## DATA RECORDS

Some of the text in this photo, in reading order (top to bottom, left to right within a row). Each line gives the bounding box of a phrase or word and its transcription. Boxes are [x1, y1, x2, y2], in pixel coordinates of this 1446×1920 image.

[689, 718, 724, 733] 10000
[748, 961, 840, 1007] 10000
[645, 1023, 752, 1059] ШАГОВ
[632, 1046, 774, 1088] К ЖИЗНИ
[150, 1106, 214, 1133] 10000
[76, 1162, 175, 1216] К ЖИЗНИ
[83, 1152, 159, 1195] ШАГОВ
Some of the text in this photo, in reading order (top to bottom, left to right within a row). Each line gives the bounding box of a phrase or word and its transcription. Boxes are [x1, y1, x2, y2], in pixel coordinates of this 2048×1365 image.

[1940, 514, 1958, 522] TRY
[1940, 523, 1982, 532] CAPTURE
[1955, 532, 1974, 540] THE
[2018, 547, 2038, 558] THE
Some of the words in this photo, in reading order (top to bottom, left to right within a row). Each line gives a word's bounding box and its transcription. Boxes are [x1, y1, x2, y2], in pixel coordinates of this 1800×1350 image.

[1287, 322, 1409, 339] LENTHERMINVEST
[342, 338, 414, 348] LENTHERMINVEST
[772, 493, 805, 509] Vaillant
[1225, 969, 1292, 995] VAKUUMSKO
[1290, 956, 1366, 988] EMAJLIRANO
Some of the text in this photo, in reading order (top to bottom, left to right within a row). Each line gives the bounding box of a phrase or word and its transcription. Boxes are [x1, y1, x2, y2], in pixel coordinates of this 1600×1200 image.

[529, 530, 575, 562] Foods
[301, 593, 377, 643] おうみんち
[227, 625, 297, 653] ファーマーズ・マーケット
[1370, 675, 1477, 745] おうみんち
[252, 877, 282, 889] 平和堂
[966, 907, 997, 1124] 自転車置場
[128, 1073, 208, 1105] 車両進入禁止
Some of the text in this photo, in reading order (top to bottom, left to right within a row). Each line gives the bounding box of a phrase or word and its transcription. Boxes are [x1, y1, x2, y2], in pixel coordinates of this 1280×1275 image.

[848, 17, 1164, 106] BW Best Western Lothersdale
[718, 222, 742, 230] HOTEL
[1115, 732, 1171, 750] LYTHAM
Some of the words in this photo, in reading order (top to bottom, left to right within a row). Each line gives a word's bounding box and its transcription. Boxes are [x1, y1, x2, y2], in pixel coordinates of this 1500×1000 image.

## AIM OF THE EXERCISE
With no alteration of any kind, give the data again in full.

## TASK OUTPUT
Some of the text in this photo, in reading order (top to bottom, left to right within a row). Each line gives the bounding box of a phrase or word and its transcription. Boxes are [x1, y1, x2, y2], in pixel coordinates of this 1446×1920 image.

[689, 718, 724, 733] 10000
[748, 961, 840, 1007] 10000
[645, 1023, 752, 1059] ШАГОВ
[632, 1046, 774, 1088] К ЖИЗНИ
[150, 1106, 214, 1133] 10000
[76, 1162, 175, 1216] К ЖИЗНИ
[83, 1152, 159, 1195] ШАГОВ
Some of the text in this photo, in reading order (top to bottom, left to right within a row). Each line gives the bounding box of a phrase or word and its transcription. Boxes are [x1, y1, x2, y2], in pixel coordinates of this 2048×1365 image.

[1940, 514, 1958, 522] TRY
[1940, 523, 1982, 532] CAPTURE
[1955, 532, 1974, 540] THE
[2018, 547, 2038, 558] THE
Some of the words in this photo, in reading order (top to bottom, left to right within a row). Each line gives a word's bounding box and its transcription. Boxes are [x1, y1, x2, y2], in pixel coordinates of this 1800×1350 image.

[1287, 322, 1409, 339] LENTHERMINVEST
[342, 338, 414, 348] LENTHERMINVEST
[772, 493, 805, 509] Vaillant
[1225, 969, 1292, 995] VAKUUMSKO
[1290, 956, 1366, 988] EMAJLIRANO
Some of the text in this photo, in reading order (top to bottom, left to right within a row). Each line gives the bounding box of a phrase or word and its transcription. Boxes are [x1, y1, x2, y2], in pixel coordinates of this 1600×1200 image.

[529, 530, 575, 562] Foods
[301, 593, 377, 643] おうみんち
[227, 625, 297, 653] ファーマーズ・マーケット
[1370, 675, 1477, 745] おうみんち
[252, 877, 282, 889] 平和堂
[966, 907, 997, 1124] 自転車置場
[128, 1073, 208, 1105] 車両進入禁止
Some of the text in this photo, in reading order (top to bottom, left to right within a row). Each line gives the bounding box of a phrase or word and its transcription. Boxes are [x1, y1, x2, y2], in pixel coordinates of this 1280×1275 image.

[848, 17, 1164, 106] BW Best Western Lothersdale
[718, 222, 742, 230] HOTEL
[1115, 732, 1171, 750] LYTHAM
Some of the words in this photo, in reading order (top to bottom, left to right within a row). Each line gives a word's bounding box and its transcription. Boxes are [x1, y1, x2, y2], in pixel coordinates of this 1500×1000 image.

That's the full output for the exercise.